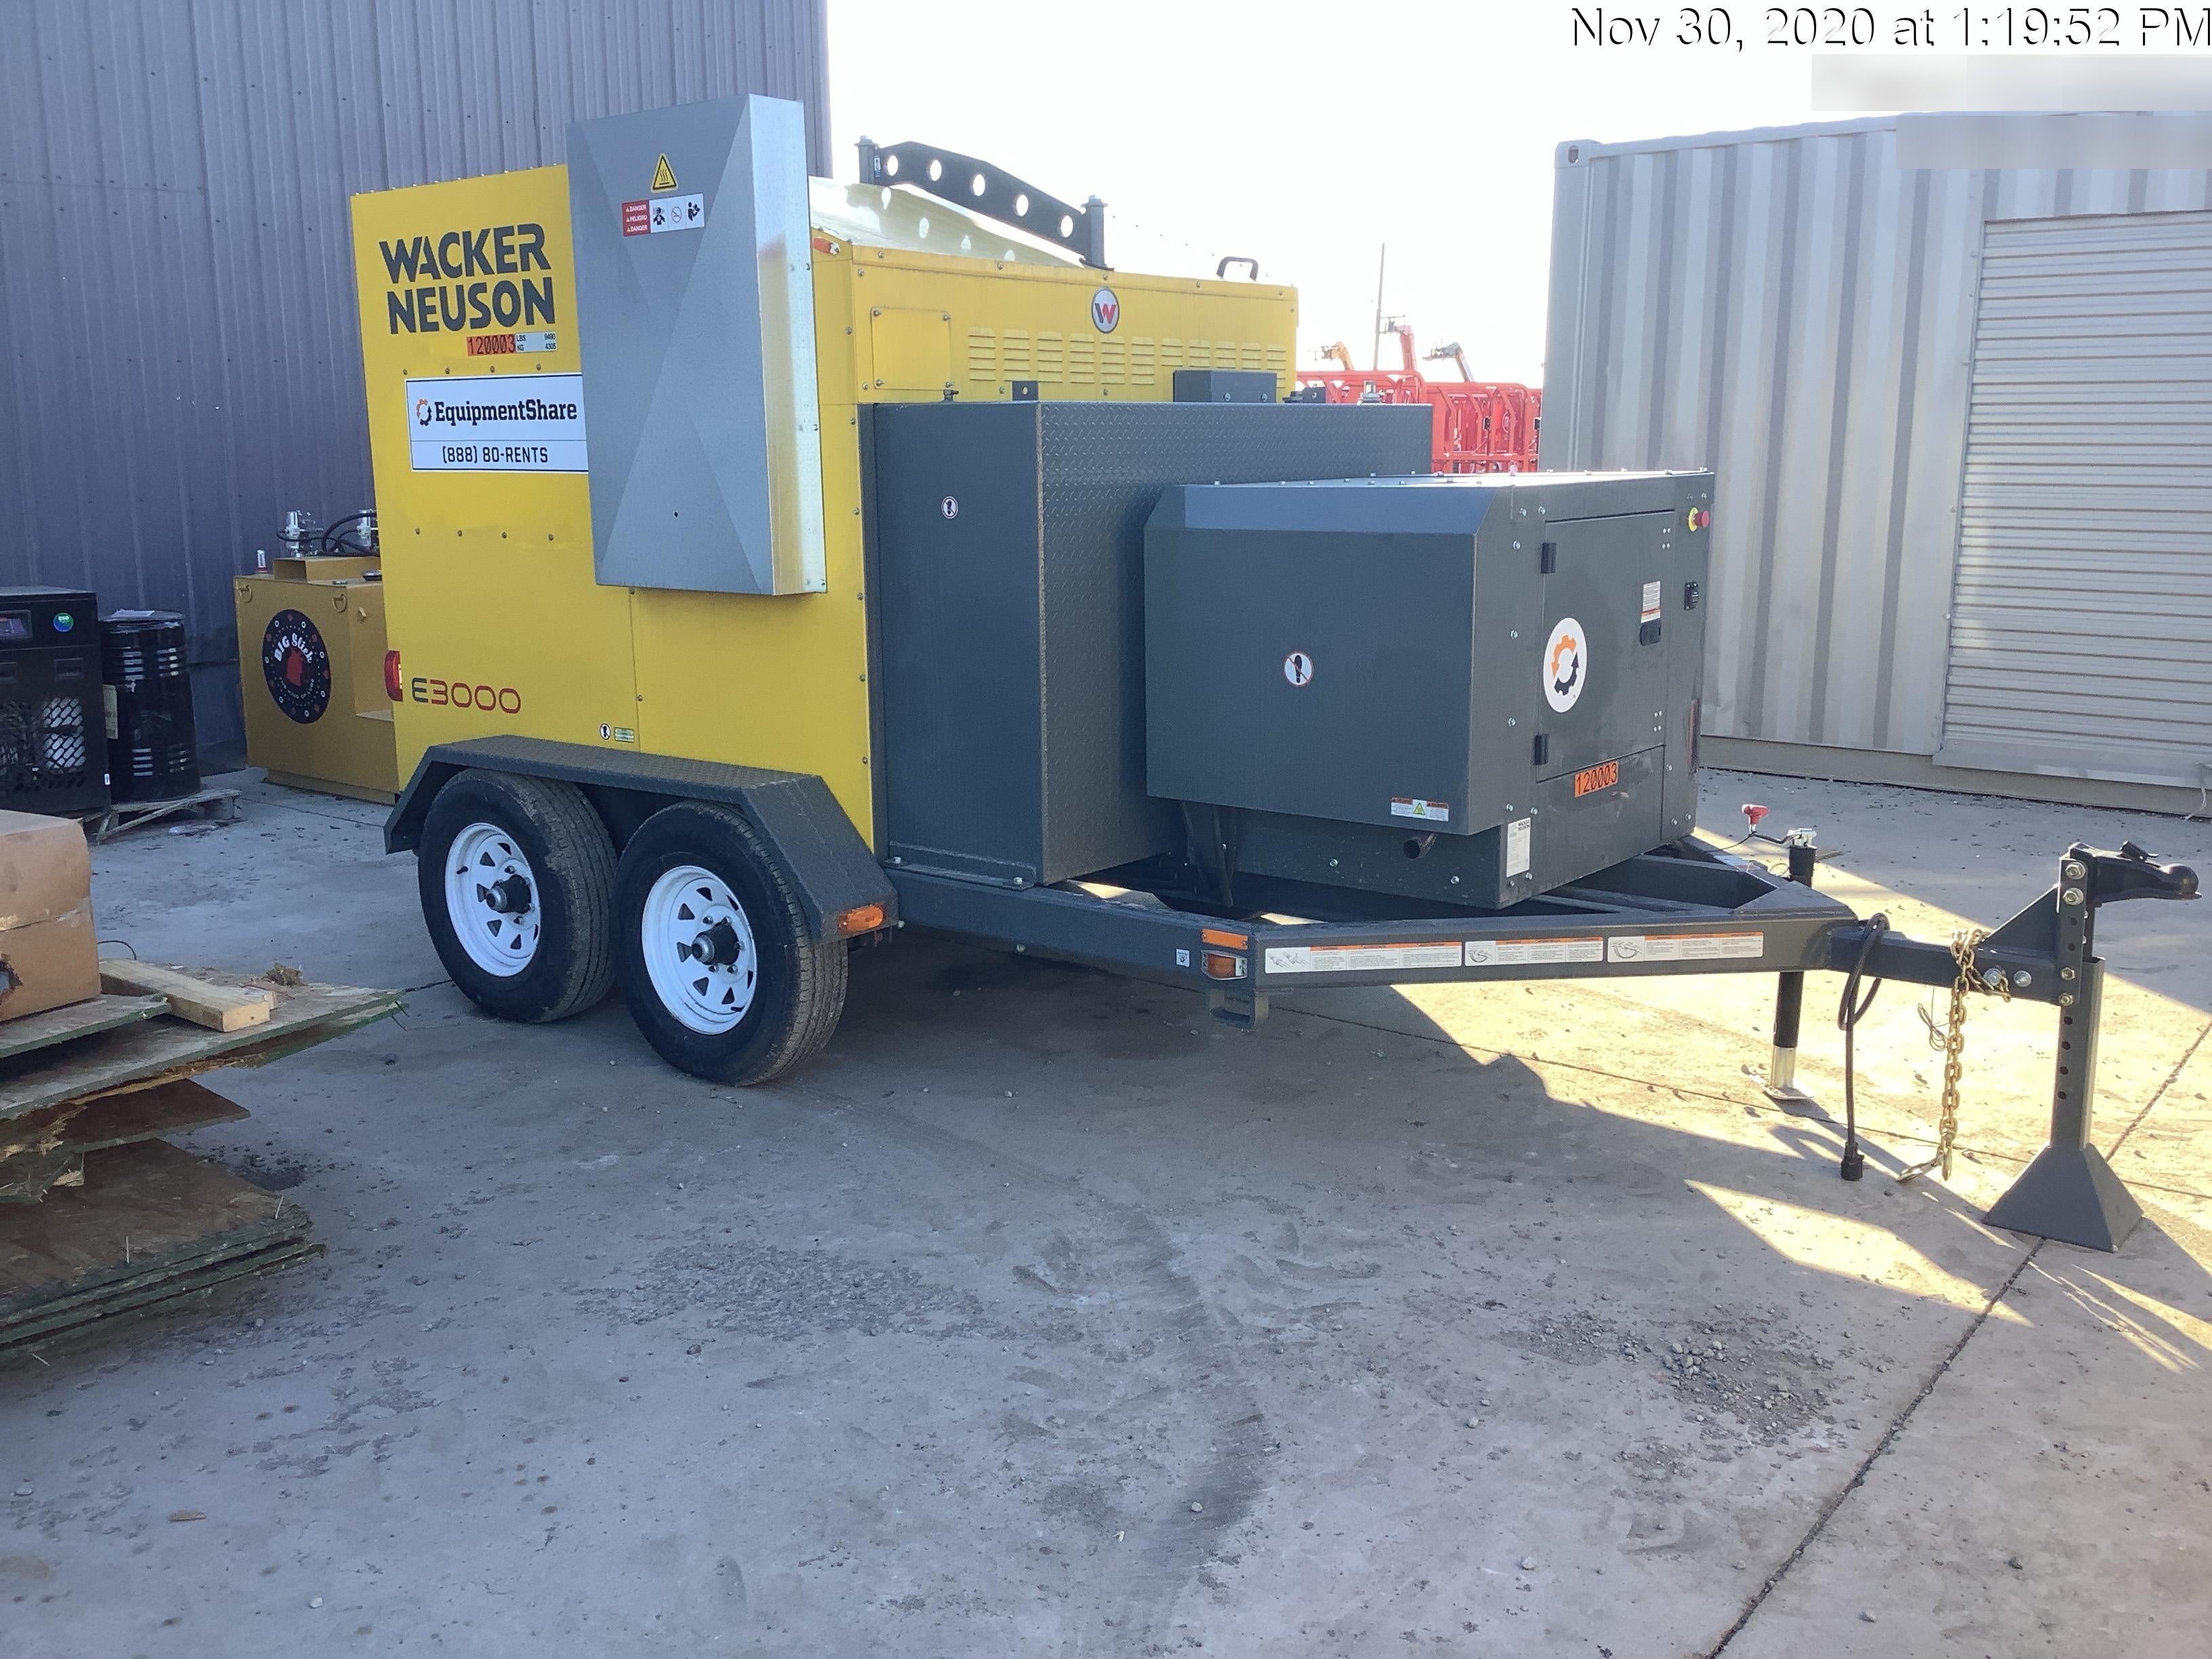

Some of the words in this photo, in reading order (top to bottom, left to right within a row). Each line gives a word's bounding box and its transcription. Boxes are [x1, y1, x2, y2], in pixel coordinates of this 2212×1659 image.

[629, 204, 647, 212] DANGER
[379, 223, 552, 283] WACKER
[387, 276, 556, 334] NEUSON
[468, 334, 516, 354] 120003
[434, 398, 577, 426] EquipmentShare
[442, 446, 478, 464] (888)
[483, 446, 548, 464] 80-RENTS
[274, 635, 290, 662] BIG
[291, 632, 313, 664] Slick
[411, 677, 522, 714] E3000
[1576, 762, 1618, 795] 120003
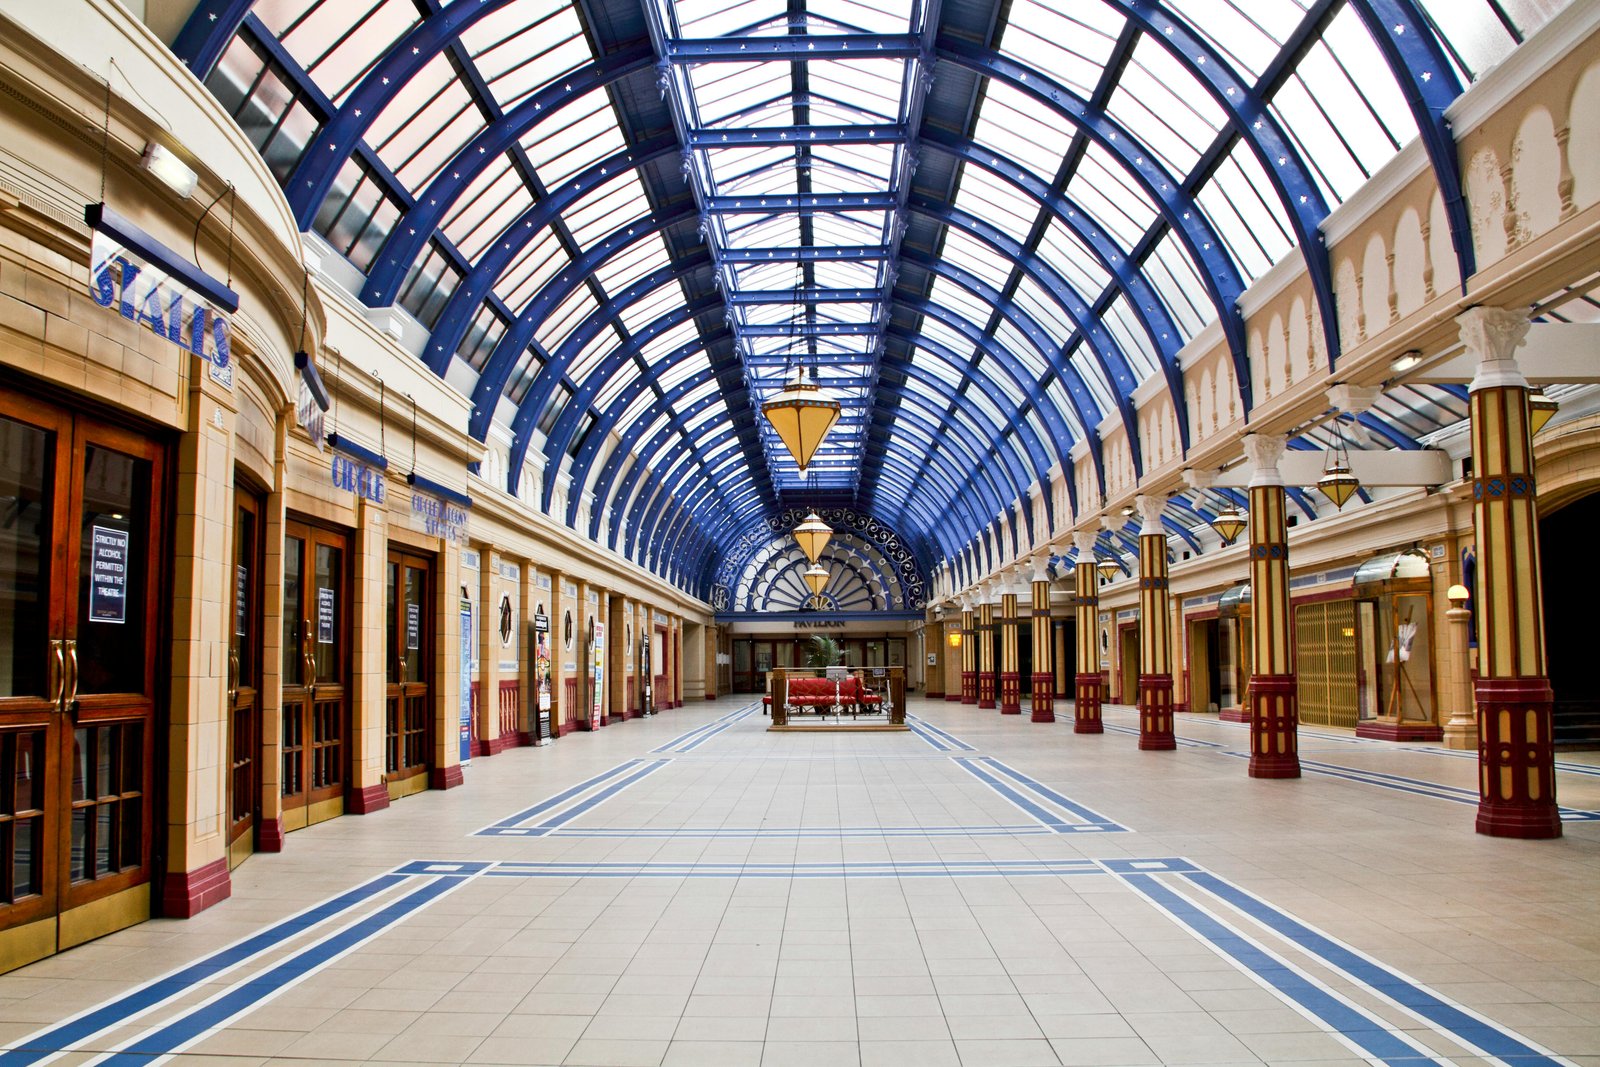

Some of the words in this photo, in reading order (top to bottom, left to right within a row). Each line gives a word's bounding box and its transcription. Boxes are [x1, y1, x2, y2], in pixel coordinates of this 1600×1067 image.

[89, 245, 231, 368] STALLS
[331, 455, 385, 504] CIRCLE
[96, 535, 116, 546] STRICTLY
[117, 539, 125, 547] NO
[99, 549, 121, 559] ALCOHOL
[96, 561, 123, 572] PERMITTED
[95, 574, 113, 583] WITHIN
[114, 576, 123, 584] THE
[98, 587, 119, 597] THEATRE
+++
Your assignment - Return all records exactly; no pictures.

Result for this exercise -
Some of the words in this photo, in reading order (top to bottom, left to right within a row). Each line gives a word's bounding box and its transcription. Boxes are [x1, y1, x2, y2], in pixel coordinates of this 2212×1659 image.

[629, 204, 647, 212] DANGER
[379, 223, 552, 283] WACKER
[387, 276, 556, 334] NEUSON
[468, 334, 516, 354] 120003
[434, 398, 577, 426] EquipmentShare
[442, 446, 478, 464] (888)
[483, 446, 548, 464] 80-RENTS
[274, 635, 290, 662] BIG
[291, 632, 313, 664] Slick
[411, 677, 522, 714] E3000
[1576, 762, 1618, 795] 120003

Some of the words in this photo, in reading order (top to bottom, left to right within a row). Each line gives a word's bounding box and its transcription. Boxes are [x1, y1, x2, y2], in pixel coordinates of this 1600×1067 image.

[89, 245, 231, 368] STALLS
[331, 455, 385, 504] CIRCLE
[96, 535, 116, 546] STRICTLY
[117, 539, 125, 547] NO
[99, 549, 121, 559] ALCOHOL
[96, 561, 123, 572] PERMITTED
[95, 574, 113, 583] WITHIN
[114, 576, 123, 584] THE
[98, 587, 119, 597] THEATRE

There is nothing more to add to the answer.